Angry Young Spaceman tells the story of Sam, the human of the title, even though he's not so much angry as disaffected. It's the year 2959, and Sam needs to pay off some student loans so he's on his way offplanet to teach English. He arrives at Octavia, a planet with a partially liquid atmosphere and an alien species that resemble Earth octopi. Sam settles in, takes tours, falls in love, all in a relatively non-urgent manner. The plot moves forward in a completely surreal way, because none of it seems to make sense. Why would aliens want to learn English? And why does Sam, a typical human, feel so uncomfortable about exporting culture when it is apparently received so heartily? The puzzle only unravels about halfway through the book, and it's a nasty revelation. Humans have spent a good portion of the millennium conquering any nearby alien races, and subjugating them to the worst excesses of our cultural supremacy. Our first hint comes on page 93: "The only war that mattered was the one that essentially brought about Earth's ownership of the rest of the galaxy. The one that brought me here." The plot spins out most of the implications of this in the daily details of a lived existence, the little protagonist much like those in Philip K. Dick's novels. Munroe has taken one of the oldest clichés of science fiction, the superiority of homo sapiens, and revealed the harsh, seething xenophobia that it actually represents. And if we take the simplistic explanation that all science fiction reduces down to commentary on our present circumstances, then Munroe has targetted the excesses of Western consumer-normative capitalism with deadly aim. And there's a free jab at science fiction too, with its typical collusion with the expansionist jihad for the values of our society. Wagon train to the stars indeed.
To my mind, none of this would work without a protagonist that could carry this type of anti-story.
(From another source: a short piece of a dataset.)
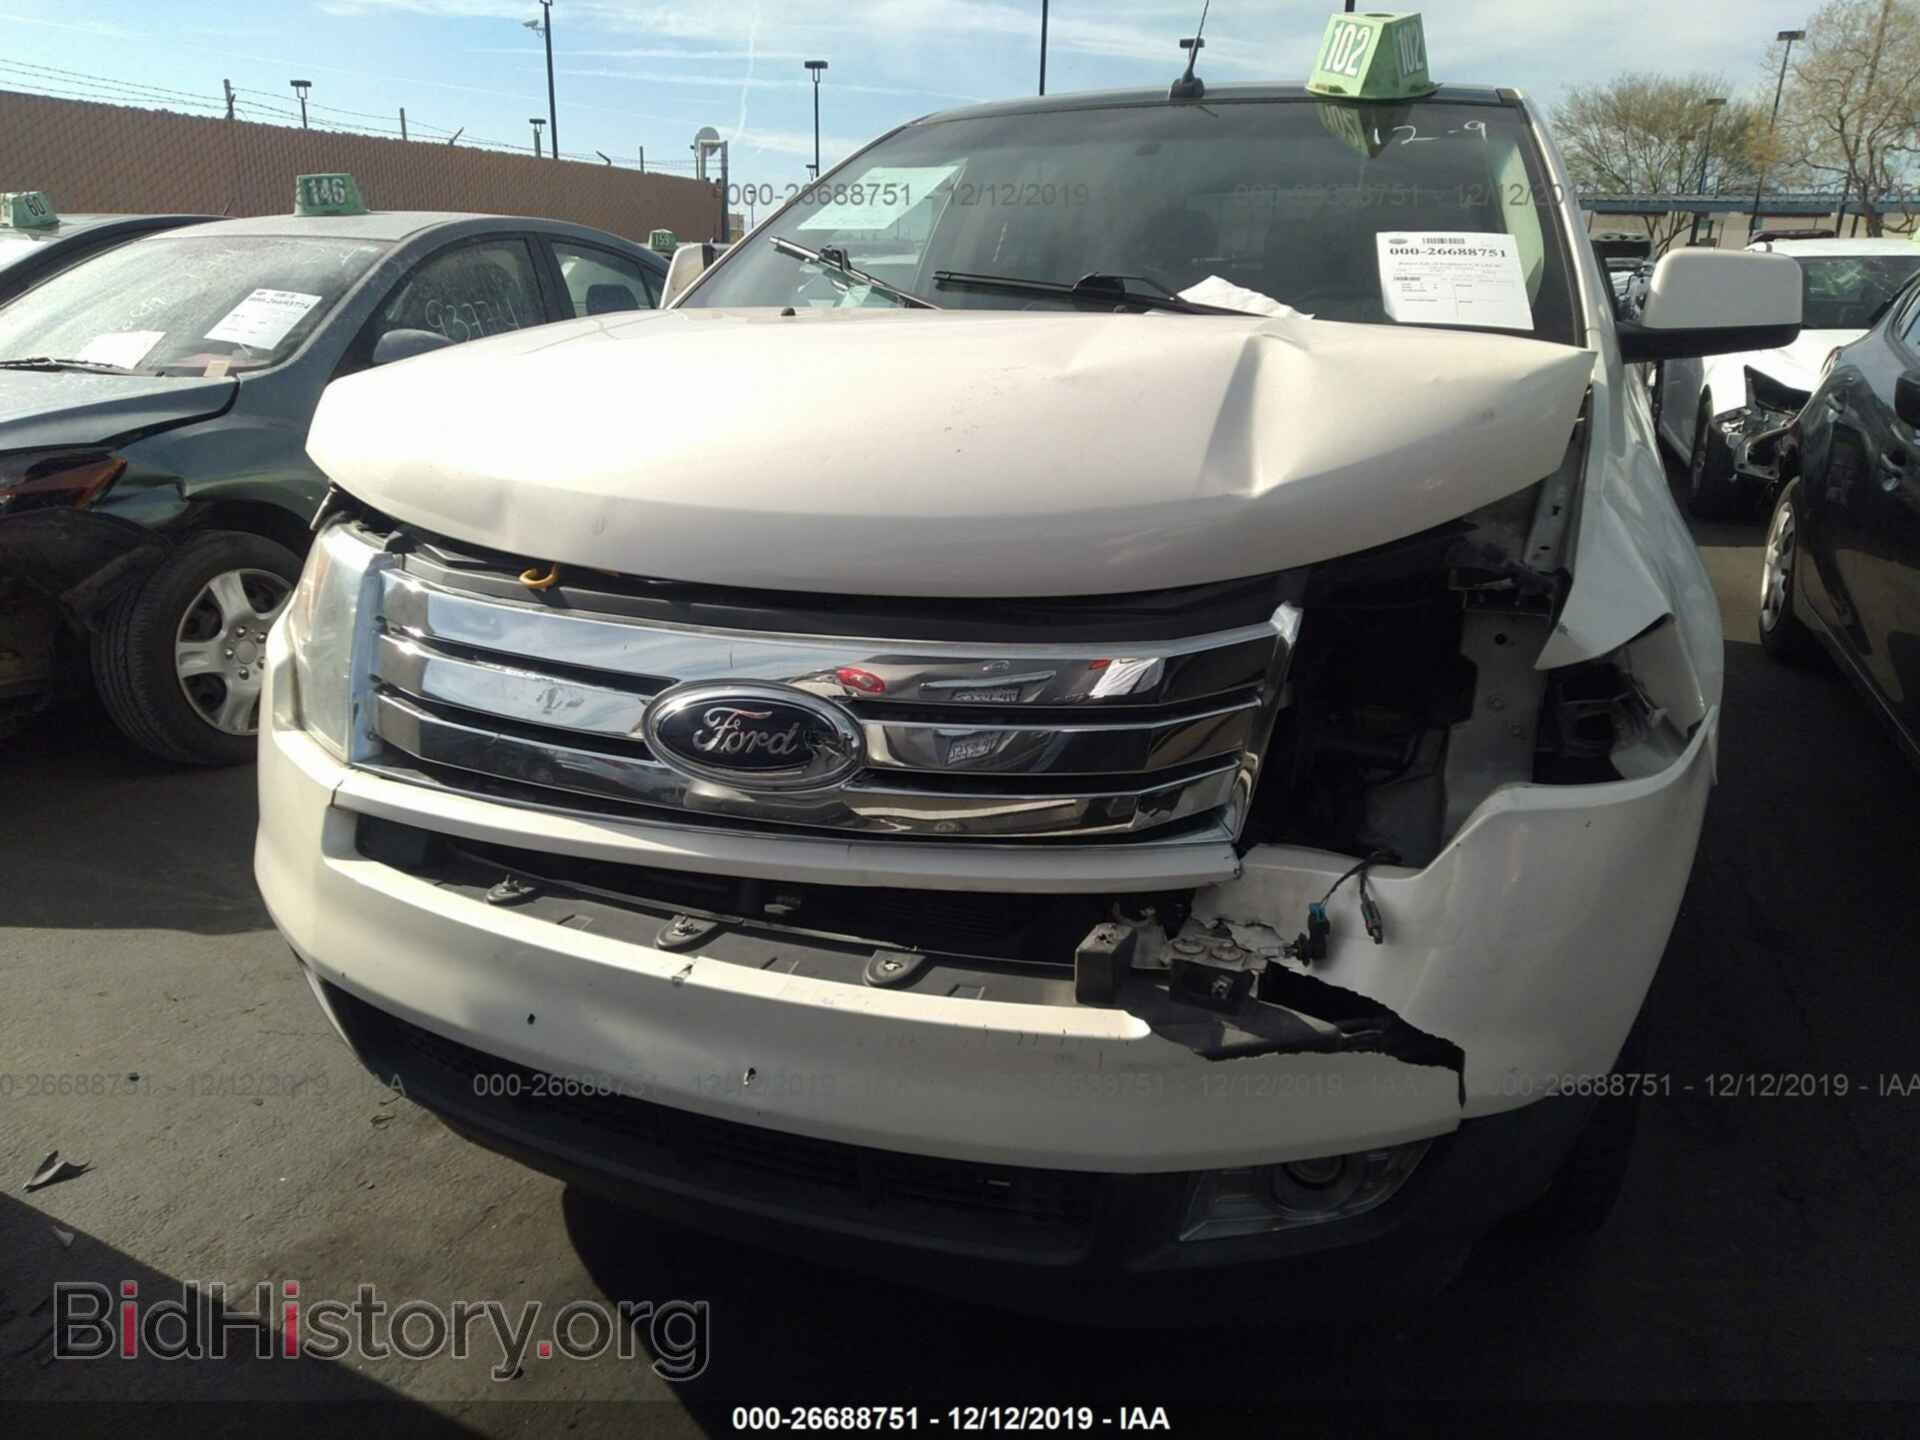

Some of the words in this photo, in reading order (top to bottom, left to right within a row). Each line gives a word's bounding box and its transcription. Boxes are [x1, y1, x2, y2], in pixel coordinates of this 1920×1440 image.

There's no hint of the rich and powerful here, even though Sam's mother is wealthy and influential. Most of Angry Young Spaceman concerns itself with Sam's day to day existence on Octavia, and the things that he learns. Sam is by no means perfect, and he makes many mistakes, but also has some social triumphs, and has a welcome knack for picking up the Octavian language. The second hinge-point of the book, also a revelation like the one about Earth's warlike history, has to do with Sam's past as a pug. The realization here is just as painful to Sam personally, and Munroe makes us see Sam's anguish quite viscerally. Stripped of individuality, he decided to teach English offplanet, and thus the book begins.
All very tidy, except that Munroe has no conventional ending in store. Unlike Flyboy, Angry Young Spaceman has better control of its internal chronology, but it has a gap at the end that is just as frustrating. I was never expecting Sam to fix the ills of the galaxy single-handedly, which would have been quite a betrayal of Munroe's usual cheer for the individual and individual triumphs. And so things change, but not much is resolved. Angry Young Spaceman has a lot to say, all of it said with wit and originality; in the face of that, a non-standard ending doesn't hurt.